[Text-to-region grounding data]
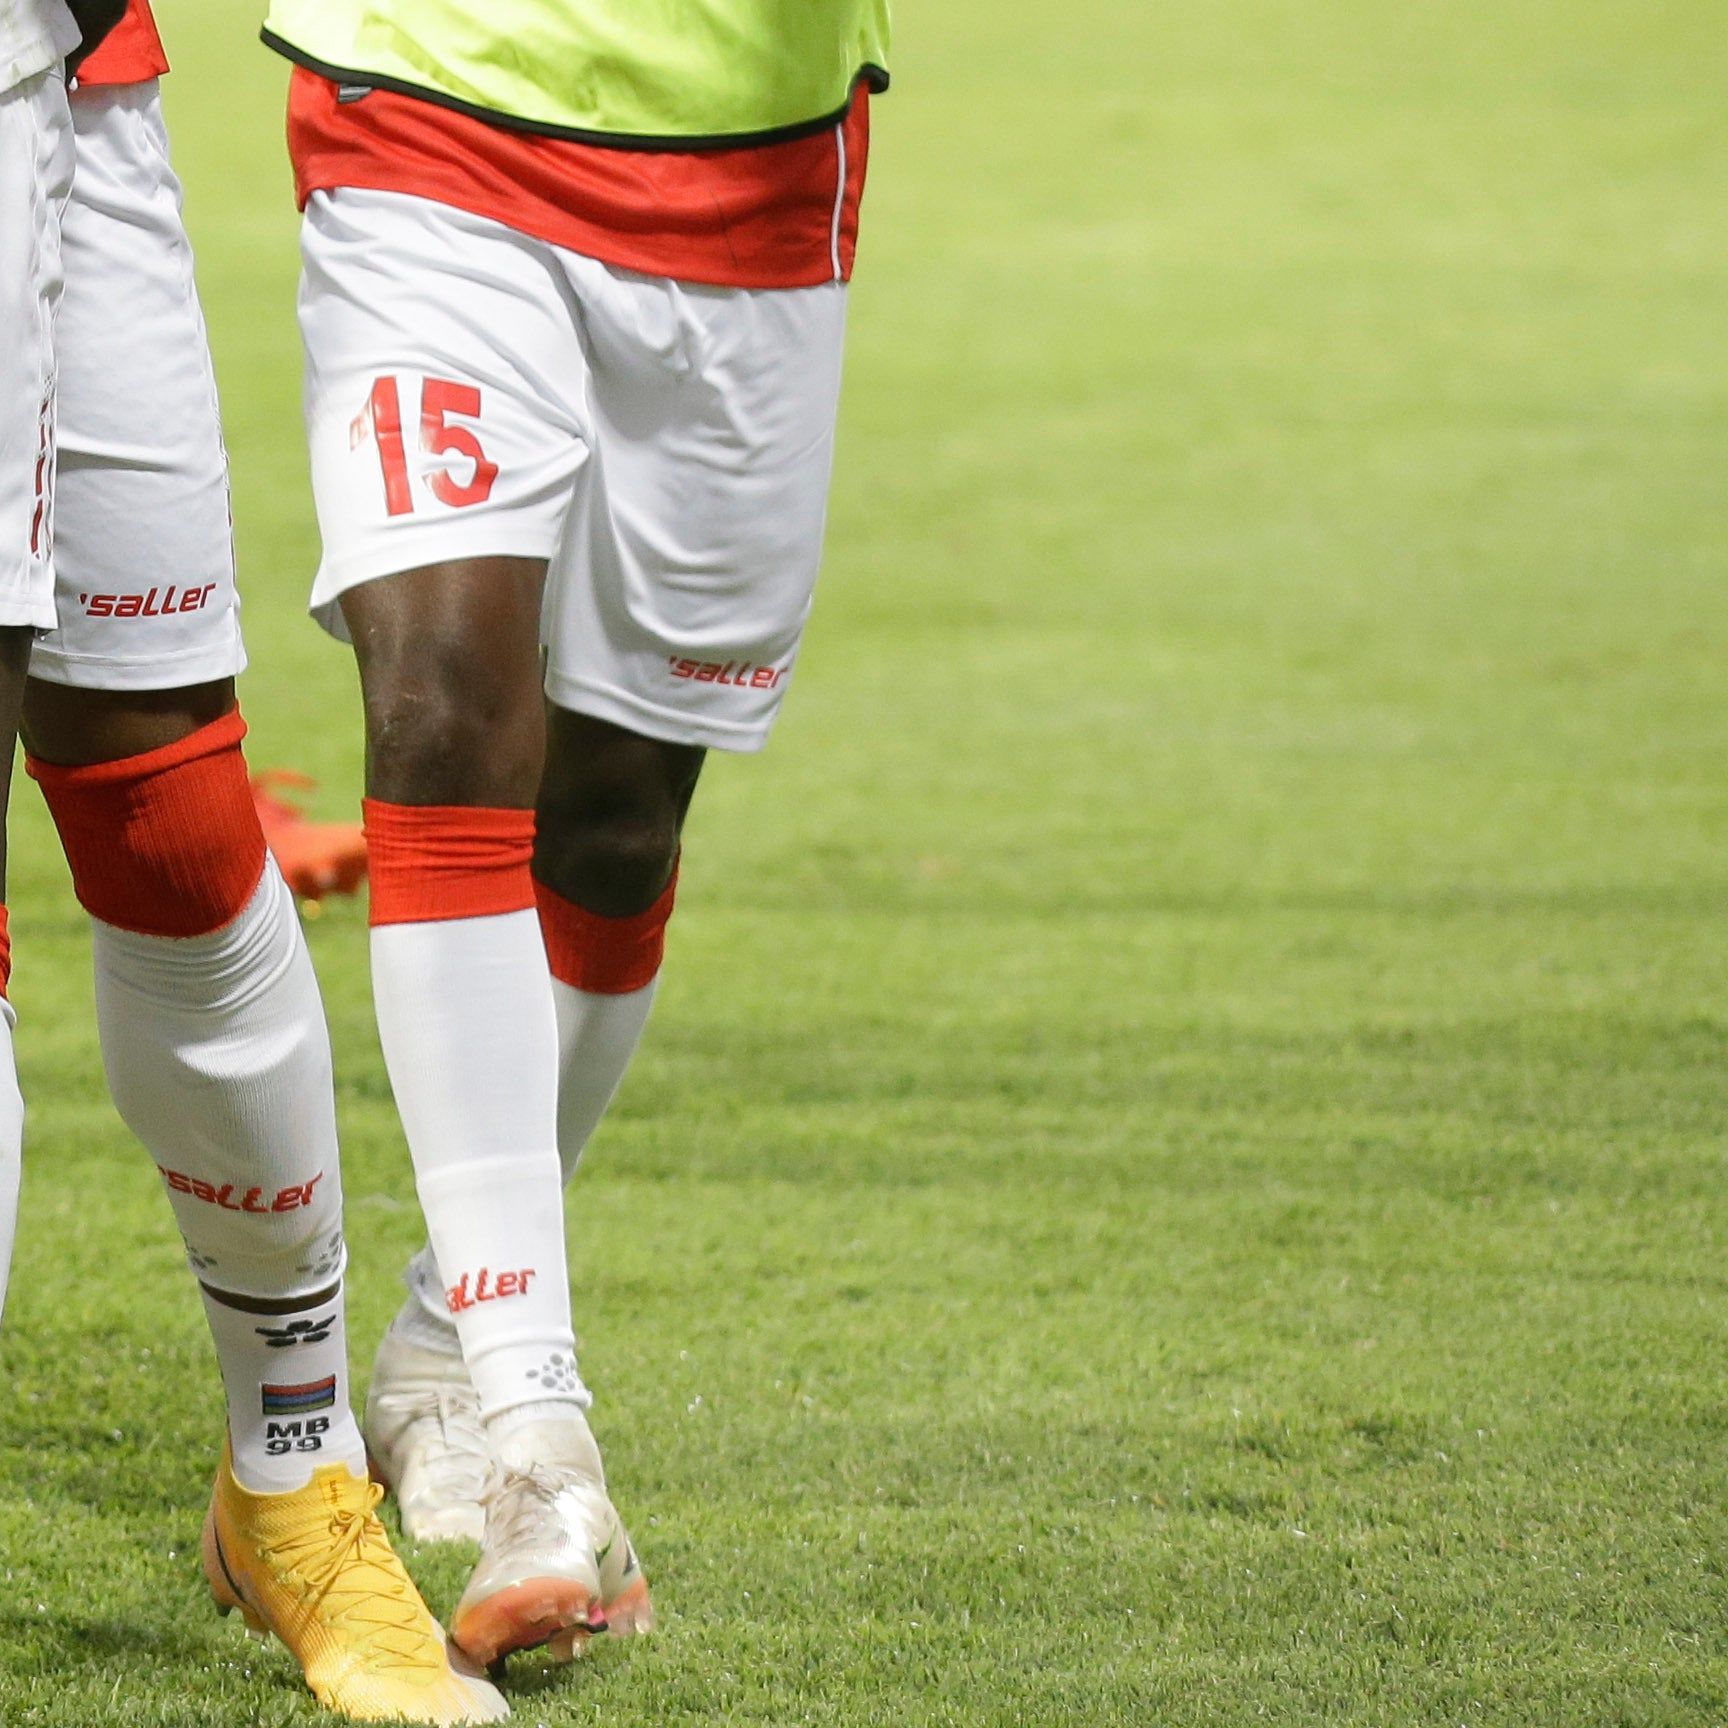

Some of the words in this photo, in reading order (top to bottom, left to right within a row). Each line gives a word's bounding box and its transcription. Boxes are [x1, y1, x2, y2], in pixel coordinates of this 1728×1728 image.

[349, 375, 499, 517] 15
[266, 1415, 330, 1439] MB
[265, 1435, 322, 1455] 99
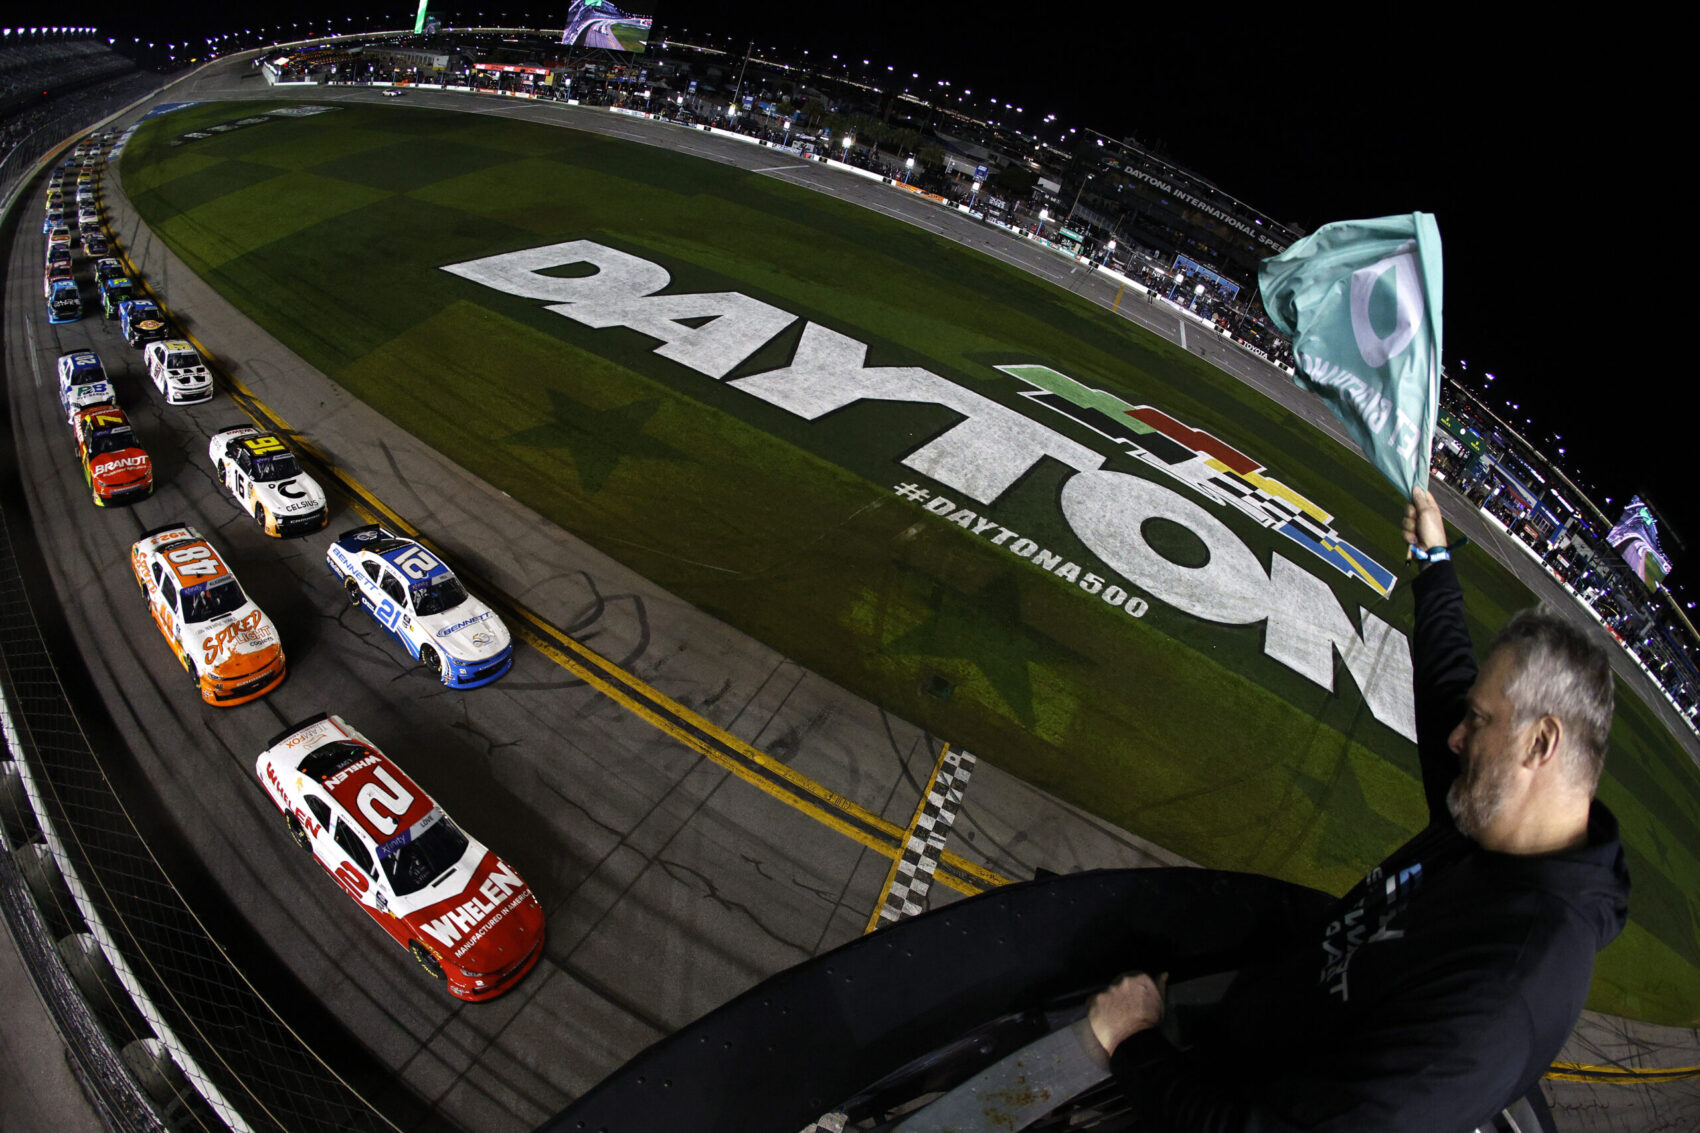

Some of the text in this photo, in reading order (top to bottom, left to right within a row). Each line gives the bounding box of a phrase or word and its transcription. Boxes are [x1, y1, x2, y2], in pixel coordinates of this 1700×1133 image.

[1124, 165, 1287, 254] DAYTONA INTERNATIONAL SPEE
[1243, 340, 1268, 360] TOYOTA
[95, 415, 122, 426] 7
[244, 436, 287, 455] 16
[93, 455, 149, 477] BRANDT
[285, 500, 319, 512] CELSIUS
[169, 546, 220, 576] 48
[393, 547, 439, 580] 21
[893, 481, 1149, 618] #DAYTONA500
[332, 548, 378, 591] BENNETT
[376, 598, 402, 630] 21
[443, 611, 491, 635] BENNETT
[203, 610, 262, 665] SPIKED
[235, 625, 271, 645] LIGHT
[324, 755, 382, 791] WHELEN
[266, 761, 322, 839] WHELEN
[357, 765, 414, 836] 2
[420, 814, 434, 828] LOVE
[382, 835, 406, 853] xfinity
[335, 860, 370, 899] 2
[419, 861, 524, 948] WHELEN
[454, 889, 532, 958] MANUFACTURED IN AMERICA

ACTIVITY - Can you retype every record above exactly, leaving out the pictures?

EXERCISE SOLUTION -
Some of the words in this photo, in reading order (top to bottom, left to right within a row). Each line gives a word's bounding box and its transcription. Boxes are [x1, y1, x2, y2], in pixel coordinates of this 1728×1728 image.

[349, 375, 499, 517] 15
[266, 1415, 330, 1439] MB
[265, 1435, 322, 1455] 99

Some of the text in this photo, in reading order (top to bottom, left to right within a row). Each line gives the bounding box of a phrase or word and its transcription. Boxes are [x1, y1, x2, y2], in pixel coordinates of this 1700×1133 image.

[1124, 165, 1287, 254] DAYTONA INTERNATIONAL SPEE
[1243, 340, 1268, 360] TOYOTA
[95, 415, 122, 426] 7
[244, 436, 287, 455] 16
[93, 455, 149, 477] BRANDT
[285, 500, 319, 512] CELSIUS
[169, 546, 220, 576] 48
[393, 547, 439, 580] 21
[893, 481, 1149, 618] #DAYTONA500
[332, 548, 378, 591] BENNETT
[376, 598, 402, 630] 21
[443, 611, 491, 635] BENNETT
[203, 610, 262, 665] SPIKED
[235, 625, 271, 645] LIGHT
[324, 755, 382, 791] WHELEN
[266, 761, 322, 839] WHELEN
[357, 765, 414, 836] 2
[420, 814, 434, 828] LOVE
[382, 835, 406, 853] xfinity
[335, 860, 370, 899] 2
[419, 861, 524, 948] WHELEN
[454, 889, 532, 958] MANUFACTURED IN AMERICA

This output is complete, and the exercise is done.